Рисуя этого человека, автор детализированно и подробно описывает его черты лица, манеры поведения, мимические выражения, вплоть до своеобычности ушных мочек. Такие физиогномические подробности располагают к тому, чтобы прислушаться к этому образу. Тогда читатель пытается понять, осознать мотивацию такого силовика, кричащего и возмущающегося, рвущегося исполнить свои должностные обязанности, выполнить поручение главы, состоящее в том, чтобы поймать Зула и обезопасить от него общество. И, честно говоря, весьма яркой, но знакомой  является негативность такого персонажа, участника событий. Но, к счастью, при сохраняющейся до самого почина остроте, автор предоставляет сбежавшему Зулу возможность спасения с Мадиной в доме, в семье ее дяди. Последние несколько страниц повести благополучно и живо содержат сработавшие пути избавления и выхода из настигающей пару опасности. Сопровождаемой красивыми и благородными образами дяди Елдара и тети Саримы паре удается спастись. Старшие беззаветно и самоотверженно ухаживают за пострадавшими, щедро организуют их пребывание и сопутствуют их отправлению в дальнейший путь. Тогда в почине, во время передвижения спасшихся по чистым полям и лесистым холмам появляется откровенно-личностная нотка, сопровождающая появление слова «мой» при обращении к попутчику, слова, предполагающего близость, что помогло героине почувствовать радость, напоминающую «чистый свет росы на всходе дня, вспышку беспечной юношеской мечты или первую улыбку ребенка» (1: 84).

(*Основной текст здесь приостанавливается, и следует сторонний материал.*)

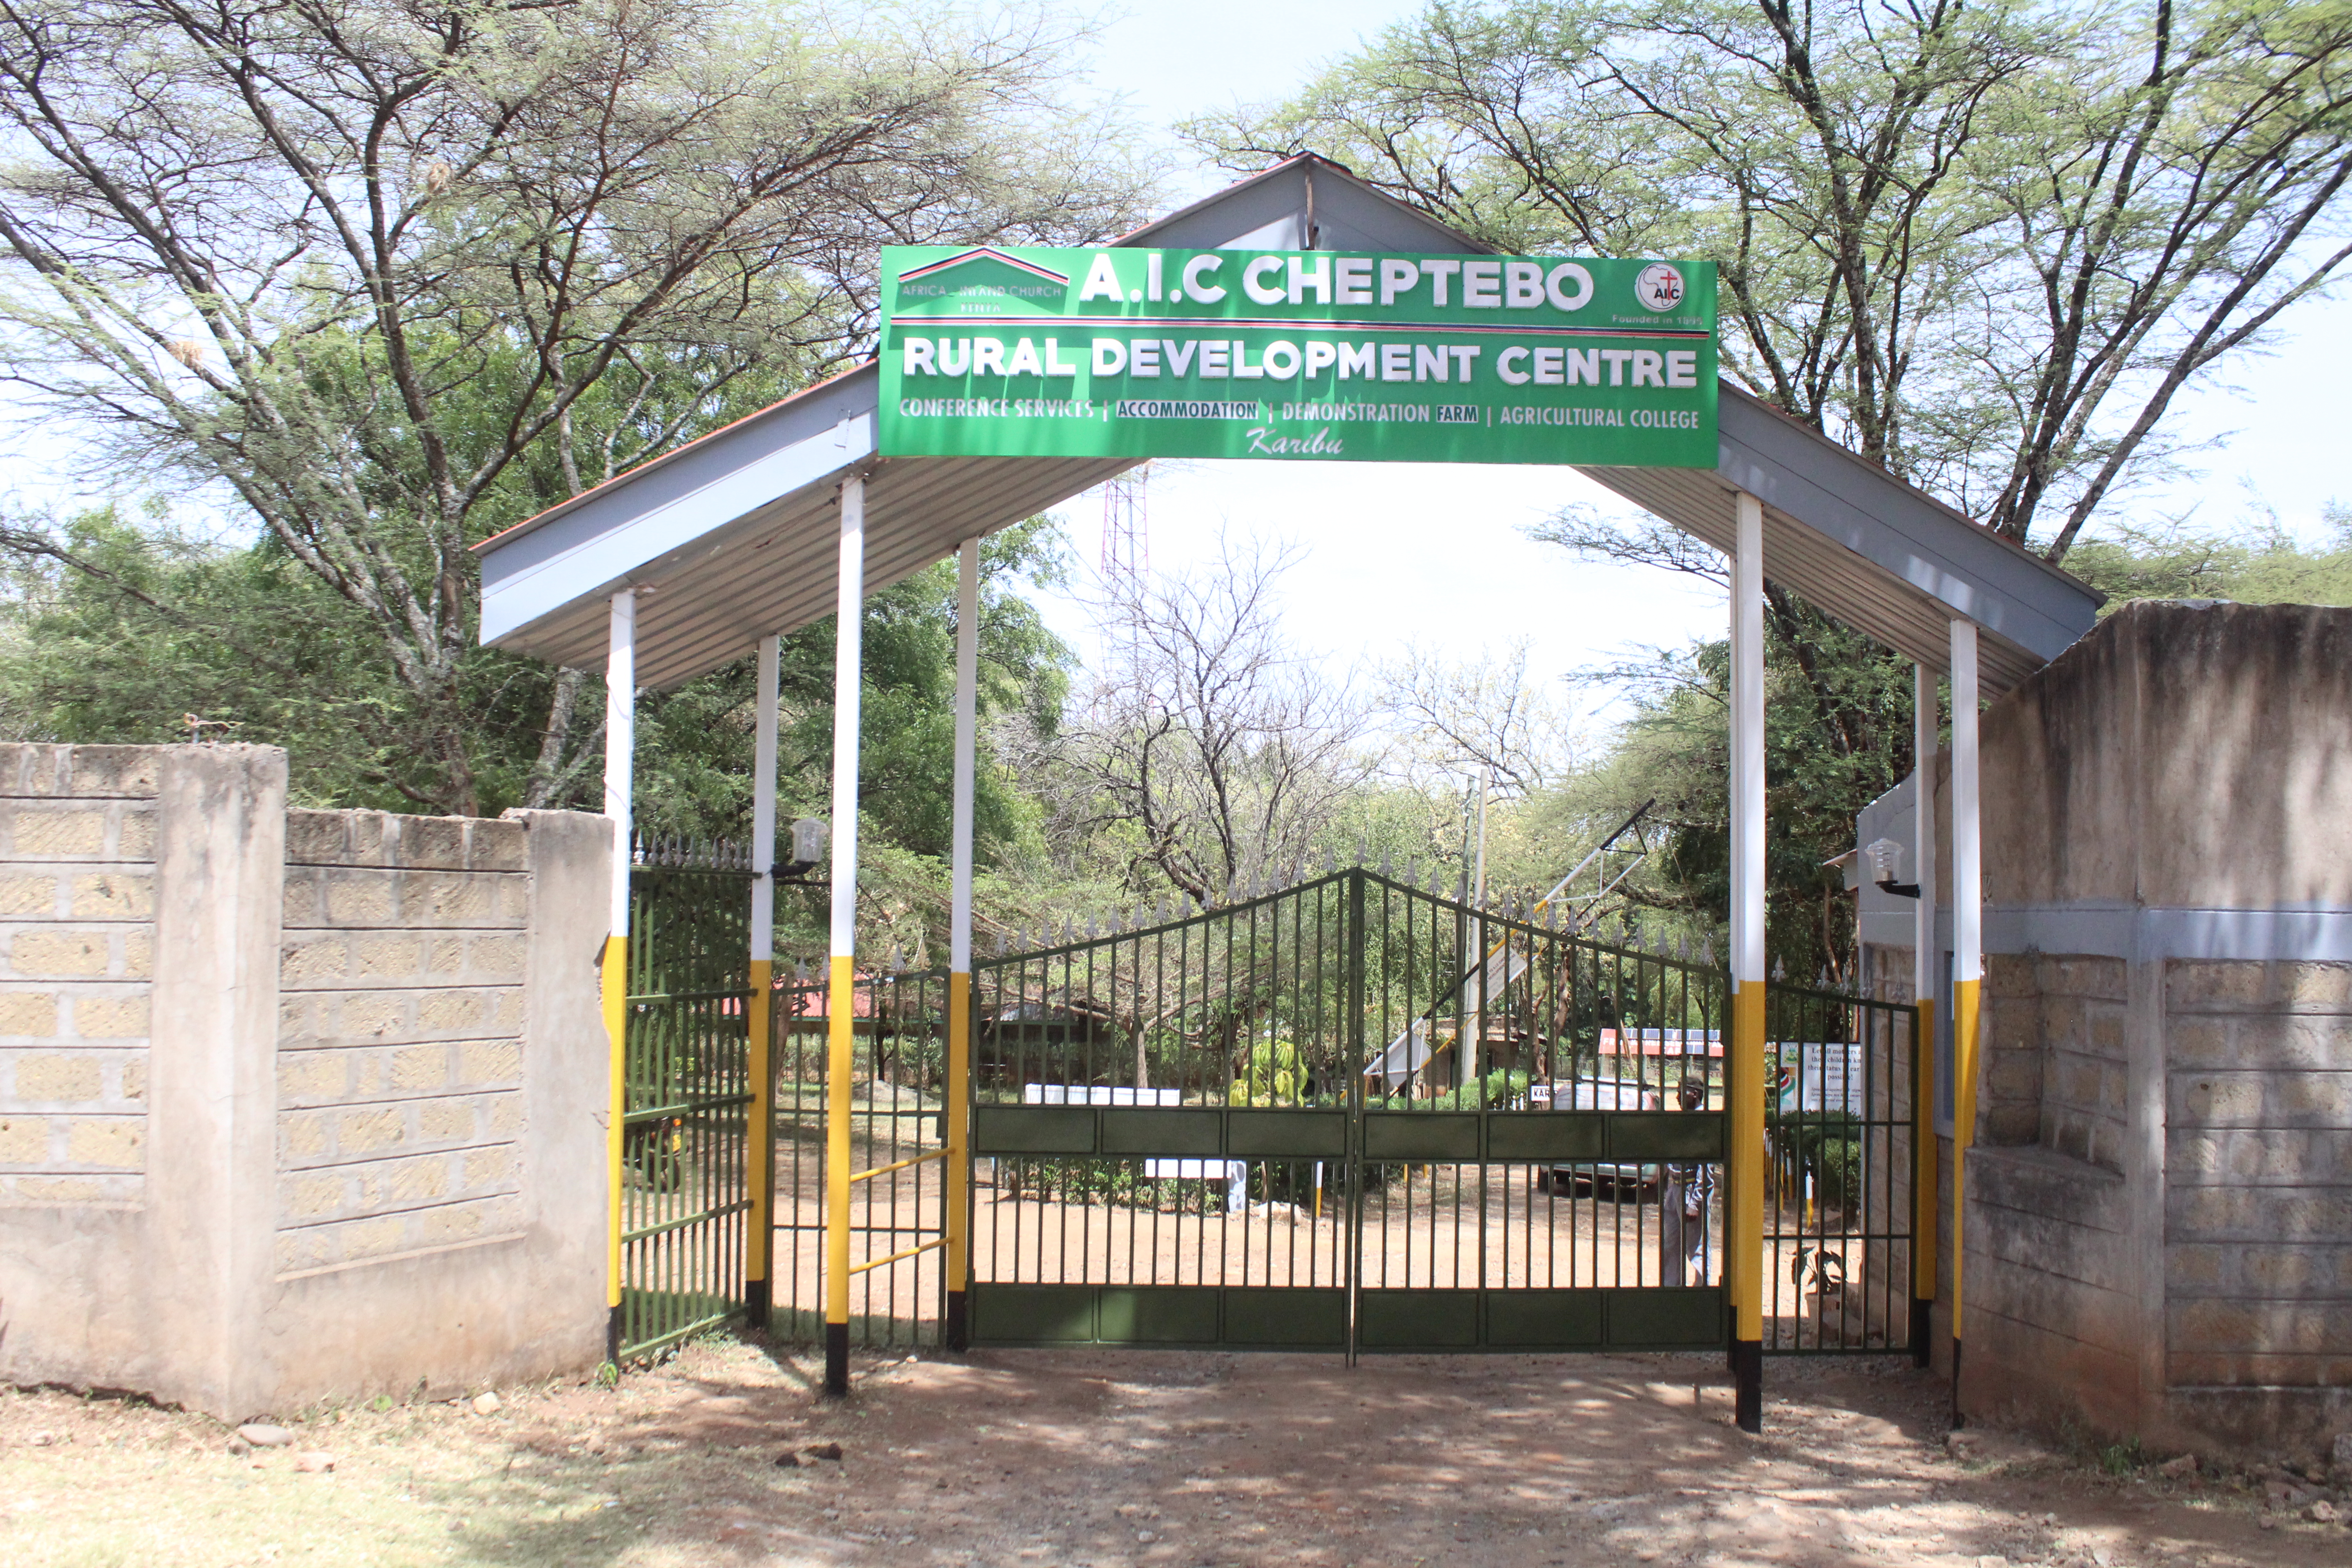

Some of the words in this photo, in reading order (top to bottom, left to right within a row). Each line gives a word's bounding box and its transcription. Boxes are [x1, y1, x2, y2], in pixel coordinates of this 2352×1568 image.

Таким образом, рассматриваемый нами Бенедикт Сарнов закономерно прав в своем документализме, однако несколько пугает и вселяет отчетливый пессимизм знакомство читателя со всеми приводимыми им историческими хрониками и фактами. Порой узнаваемые жителем сегодня методы и технологии власти и, увы, – всевластия, обращают современного читателя в очередную грусть и снова лишают его какой-либо надежды. Такой устрашающий нюанс, пусть наивно и не всегда достоверно, но разрешает художественностью проза Амира Макоева, верящего в своих героев и дарующего им, а с ними, – и читателю, робкую надежду на прикрашенную, но все-таки ожидаемую красоту жизни. Тем самым, мы отнюдь не исключаем значимости публицистики первого из авторов, но настаиваем и на необходимости используемого вторым писателем художественного подхода, содействующего отражению многогранности реалий прошлого и настоящего.

Литература
1. Макоев А. История Зула: Повесть (рукопись).
2. Сарнов Б. Империя зла: Судьбы писателей. – М.: Новая газета, 2011. – 480 с.
3. Человек из времени литературных героев // Новая газета. – 2014. – 23 апр.

Опубл.: Хуако, Ф.Н. Актуальная всегда... // ВЕСТНИК НАУКИ АРИГИ. – 2015. – Вып.6 (30). – 0,63 п.л. -- С. 71-75.